Radu Gabriel
Radu Gabriel

Reputation: 111

Add one character from a string to the end of another string (strcat)

for (unsigned int i = 0; i < strlen(s); i++) {
  if (s[i] != ' ') 
    strcat(p, s[i]);

I want to add the current character of the s string at the end of the p string provided it is not a space. How do I do that using strcat? The code above gives the following error "invalid conversion from 'char' to 'const char*'".

I want to use strcat because this way I don't have to store an index for p string in order to know where to place the current character. I hope this makes sense.
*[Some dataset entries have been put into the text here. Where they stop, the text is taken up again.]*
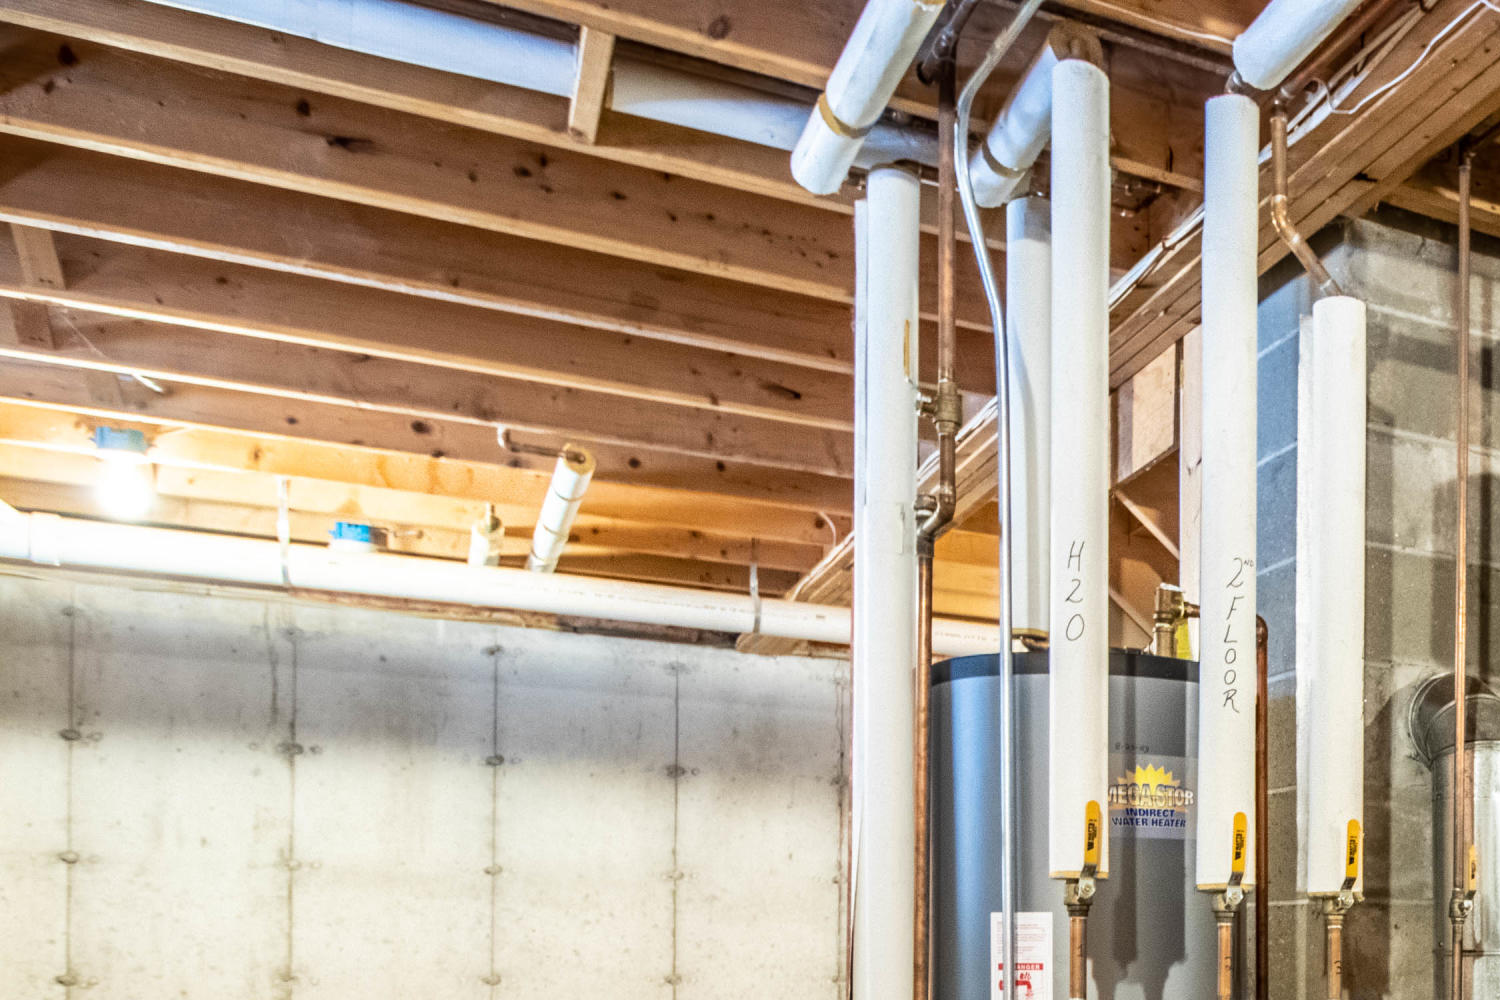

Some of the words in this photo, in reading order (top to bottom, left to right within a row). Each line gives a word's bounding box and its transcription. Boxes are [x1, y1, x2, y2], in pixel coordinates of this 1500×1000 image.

[1223, 596, 1245, 714] FLOOR
[1126, 808, 1175, 817] INDIRECT
[1112, 817, 1148, 826] WATER
[1151, 819, 1186, 828] HEATER
[1013, 963, 1041, 971] ANGER
Also, I need to do this using array of chars, not c-strings or whatever those are called.

Upvotes: 2

Views: 1011

Answers (2)

Jonathan Leffler
Jonathan Leffler

Reputation: 755026

A more sensible algorithm would avoid using strcat() or strncat() altogether:

int j = strlen(p);
for (int i = 0; s[i] != '\0'; i++)
{
    if (s[i] != ' ')
        p[j++] = s[i];
}
p[j] = '\0';

This avoids quadratic behaviour which using strlen() and strcat() (or strncat()) necessarily involves. It does mean you need to keep a track of where to place characters in p, but the work involved in doing that is trivial. Generally speaking, the quadratic behaviour won't be a problem on strings of 10 characters or so, but if the strings reach 1000 bytes or more, then quadratic behaviour becomes a problem (it takes 1,000,000 operations instead of 1,000 operations — that can become noticeable).

Upvotes: 4

kkica
kkica

Reputation: 4104

First, you need addresses (the array itself is an address to the first element) to pass to the strcat, not a char. That is why you need to use the & operator before s[i].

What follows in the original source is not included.